Data items:

○ ○ ○

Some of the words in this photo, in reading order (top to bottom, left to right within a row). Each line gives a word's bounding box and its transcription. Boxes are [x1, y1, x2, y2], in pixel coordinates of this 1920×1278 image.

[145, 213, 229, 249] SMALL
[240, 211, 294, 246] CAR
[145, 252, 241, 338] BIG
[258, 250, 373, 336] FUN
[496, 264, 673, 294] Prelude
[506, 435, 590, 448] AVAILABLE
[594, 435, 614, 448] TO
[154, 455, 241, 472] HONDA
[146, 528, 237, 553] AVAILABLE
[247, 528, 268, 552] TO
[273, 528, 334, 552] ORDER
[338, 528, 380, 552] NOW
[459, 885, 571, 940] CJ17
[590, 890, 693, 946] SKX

○ ○ ○

What is needed:
Nothing but an exact transcription of the records is expected.

The answer:
Some of the words in this photo, in reading order (top to bottom, left to right within a row). Each line gives a word's bounding box and its transcription. Boxes are [x1, y1, x2, y2], in pixel coordinates of this 1920×1278 image.

[145, 213, 229, 249] SMALL
[240, 211, 294, 246] CAR
[145, 252, 241, 338] BIG
[258, 250, 373, 336] FUN
[496, 264, 673, 294] Prelude
[506, 435, 590, 448] AVAILABLE
[594, 435, 614, 448] TO
[154, 455, 241, 472] HONDA
[146, 528, 237, 553] AVAILABLE
[247, 528, 268, 552] TO
[273, 528, 334, 552] ORDER
[338, 528, 380, 552] NOW
[459, 885, 571, 940] CJ17
[590, 890, 693, 946] SKX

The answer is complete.